Relapse rates for these disorders are high and have consequent high costs for the individual, their family, mental health services and New Zealand society. With usual care (predominantly medication) relapse rates for people with bipolar disorder are 44% within 1 year; 60% within 2 years and 77% within 4 years. In recurrent depression, the relapse rates are 50% within 6 months and 80% within 10 years. It is unlikely that this would be acceptable for any other health condition.
There is evidence that relapse in these disorders is associated with interplay between biological factors associated with the circadian pacemaker (a part of the brain that controls sleep and many other aspects of bodily function which change according to the time of day) and psychosocial factors.
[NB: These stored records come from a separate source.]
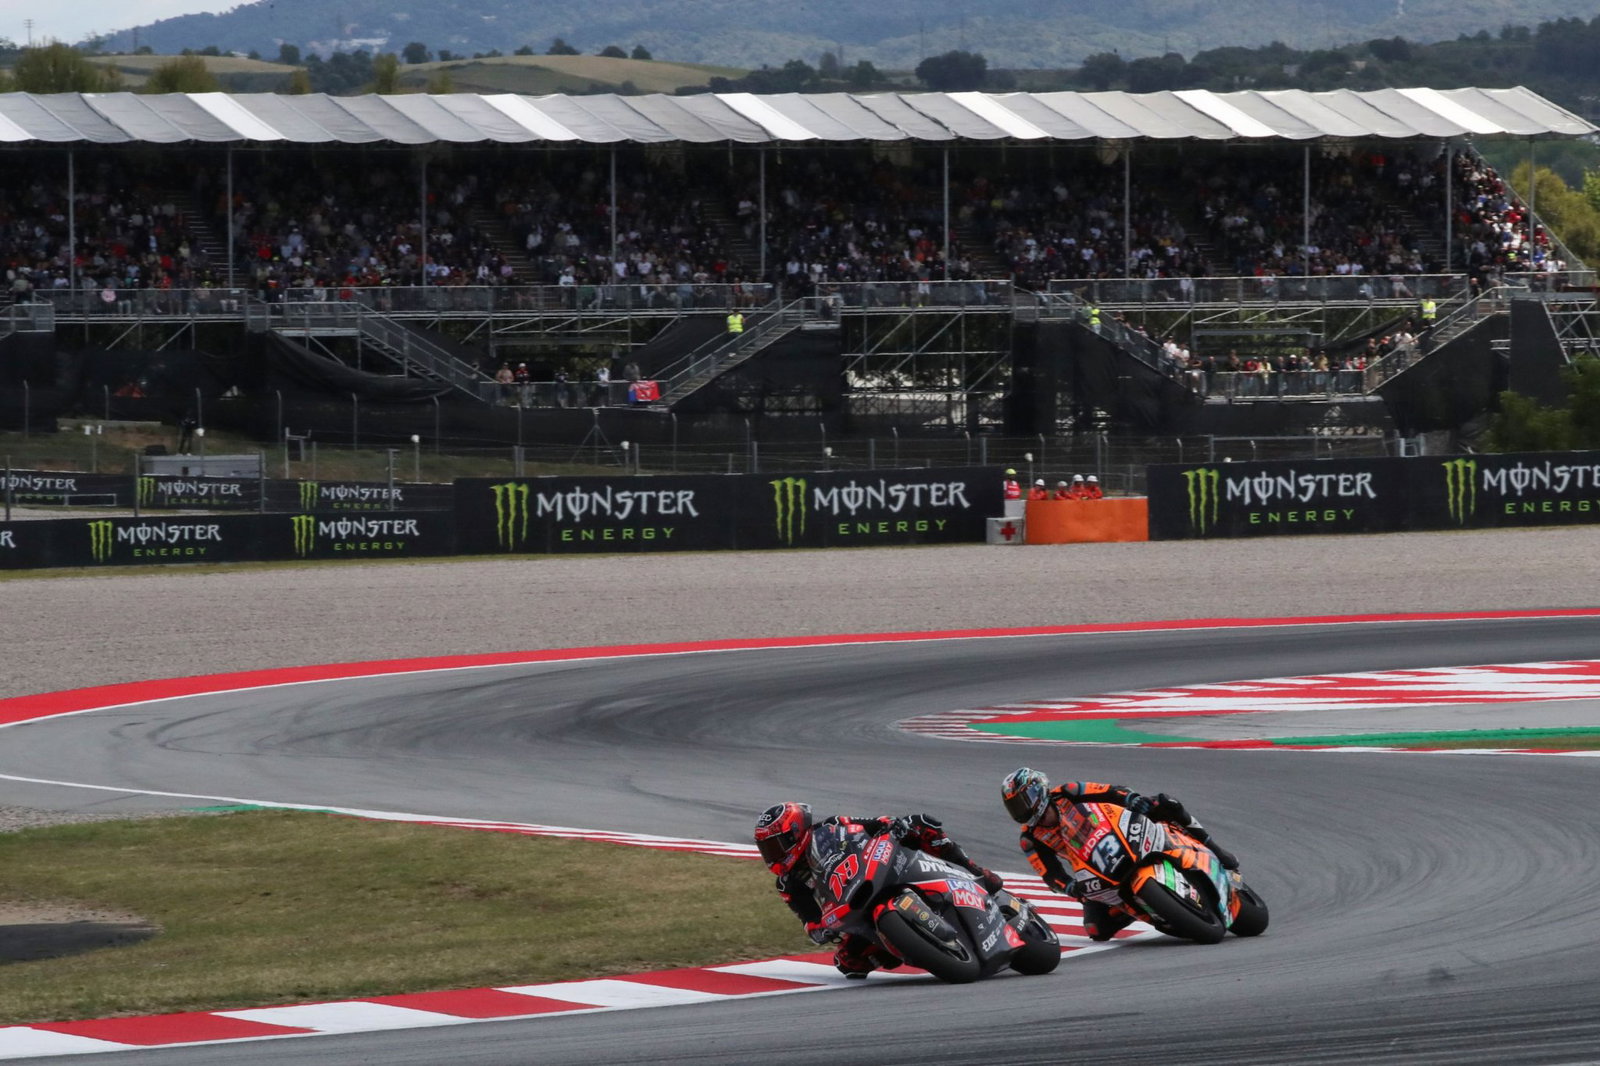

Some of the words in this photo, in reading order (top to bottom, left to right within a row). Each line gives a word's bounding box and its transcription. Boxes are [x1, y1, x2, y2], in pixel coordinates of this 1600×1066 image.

[157, 480, 242, 496] MONSTER
[320, 485, 404, 500] MONSTER
[1226, 470, 1377, 506] MONSTER
[536, 485, 699, 522] MONSTER
[812, 479, 971, 516] MONSTER
[1505, 500, 1600, 514] ENERG
[1250, 509, 1354, 524] ENERGY
[117, 522, 222, 545] MONSTER
[320, 517, 420, 539] MONSTER
[561, 527, 674, 541] ENERGY
[838, 519, 947, 535] ENERGY
[133, 547, 206, 557] ENERGY
[334, 541, 405, 551] ENERGY
[1092, 834, 1121, 873] 13
[954, 889, 985, 911] MOLY
Psychosocial factors interact with biology to create two probable pathways to episode recurrence: (1) stressful life events; (2) disruptions in social rhythms.
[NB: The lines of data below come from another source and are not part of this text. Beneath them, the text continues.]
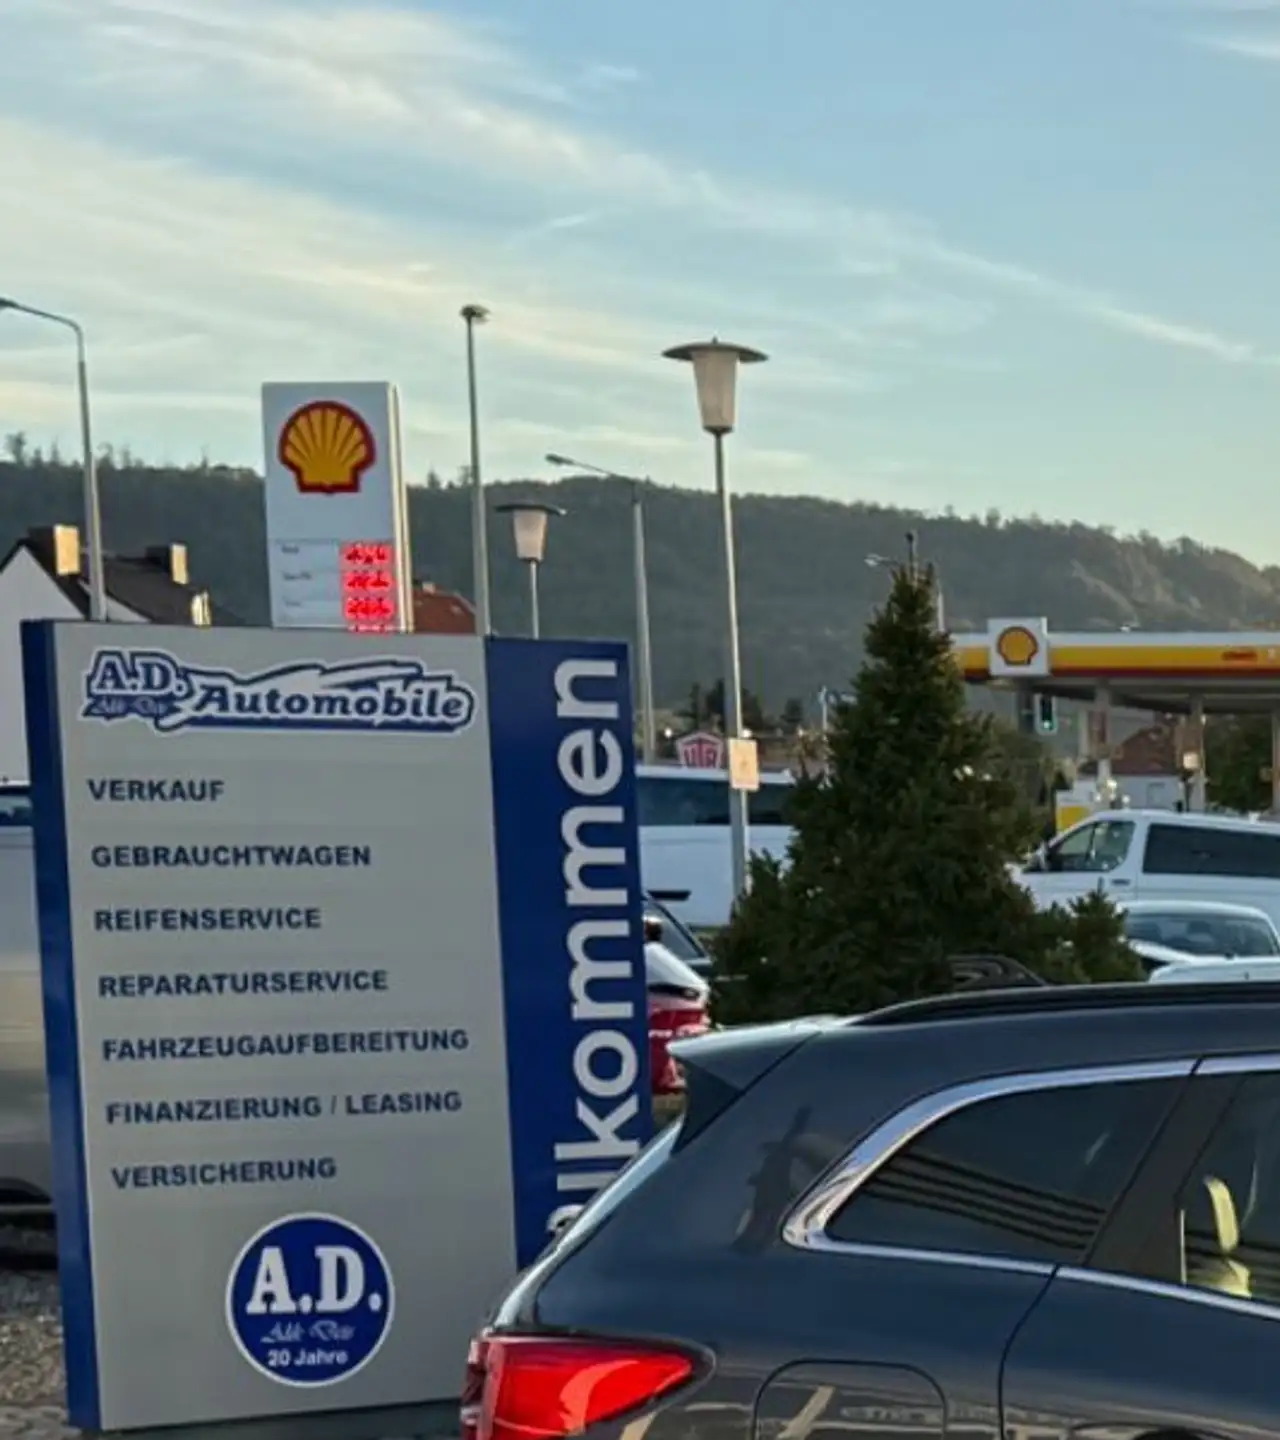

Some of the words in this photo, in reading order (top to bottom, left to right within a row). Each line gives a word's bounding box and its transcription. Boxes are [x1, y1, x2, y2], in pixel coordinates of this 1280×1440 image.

[196, 680, 469, 721] Automobile
[88, 780, 225, 801] VERKAUF
[91, 845, 371, 868] GEBRAUCHTWAGEN
[94, 907, 322, 932] REIFENSERVICE
[546, 658, 640, 1233] lkommen
[98, 969, 389, 998] REPARATURSERVICE
[103, 1029, 469, 1060] FAHRZEUGAUFBEREITUNG
[106, 1096, 322, 1125] FINANZIERUNG
[345, 1090, 463, 1115] LEASING
[111, 1156, 338, 1189] VERSICHERUNG
[245, 1245, 382, 1315] A.D.
[267, 1350, 291, 1368] 20
[294, 1349, 348, 1367] Jahre
There is increasing evidence both locally and internationally, that rather than simply using medication there are better outcomes if an evidence-based psychotherapy is also provided. There are a range of effective psychotherapies for recurrent mood disorders, one of which is Interpersonal and Social Rhythm Therapy.
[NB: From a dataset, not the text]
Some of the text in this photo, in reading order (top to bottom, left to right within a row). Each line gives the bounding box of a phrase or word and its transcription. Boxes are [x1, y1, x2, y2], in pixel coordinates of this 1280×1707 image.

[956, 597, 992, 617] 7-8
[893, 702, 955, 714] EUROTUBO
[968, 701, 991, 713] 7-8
In Christchurch, in the Department of Psychological Medicine at the University of Otago, we have been conducting trials of this psychotherapy for nearly 20 years. We initially used this psychotherapy for bipolar disorder but are now using it in studies of any recurrent depression and have found indications that in conjunction with medication it significantly improves the person’s ability to function at home with family, at work, with friends and with social activities. We are now combining this psychotherapy with cognitive remediation which targets memory, concentration, problem-solving and planning, which are specific areas of functioning impacted by recurrent mood episodes. It also decreases suicide attempts and self-harm.
Interpersonal and Social Rhythm Therapy is based on the evidence from chronobiology (circadian rhythm processes) and interpersonal therapy. The focus of the therapy is to 1) stabilise each individual’s social rhythms that underpin their natural circadian rhythms and 2) examine the interpersonal stressors that may precipitate mood episodes. The focus in sessions is on 1) enhancing social support, 2) decreasing interpersonal stress, 3) facilitating emotional processing, and 4) improving interpersonal skills. The therapy is usually delivered over 12 months going from weekly to fortnightly and then monthly, with people receiving about 24 sessions in total over the year. Our current study – The Enhancing Recovery Study – recruits people on discharge from mental health services and provides an integrated care package of Interpersonal and Social Rhythm Therapy, cognitive remediation and medication management.
People who have taken part in previous studies described how the psychotherapy provided them with an active role in their recovery rather than passively waiting for medications to work and gave them the necessary self-management skills. This psychotherapy is highly individualised to take account of the person's lifestyle and needs. It gives them a role as an active participant in their recovery by identifying the precipitating and perpetuating patterns that trigger stress related to the onset of mood episodes and provides patients with skills to make changes to situations that contribute to mood episode recurrence.
If New Zealand is serious about improving the lives of people who experience serious mental disorders there needs to be funding of evidence-based psychotherapies to improve the costs to individuals, their families and wider society.
Professor Crowe has been a mental health nurse for nearly 40 years. She combines her work with people with mood disorders with research. She is an author of 120 publications as well as being involved in eight trials of psychotherapy for major major depressive disorder or bipolar disorder as well as many international collaborations.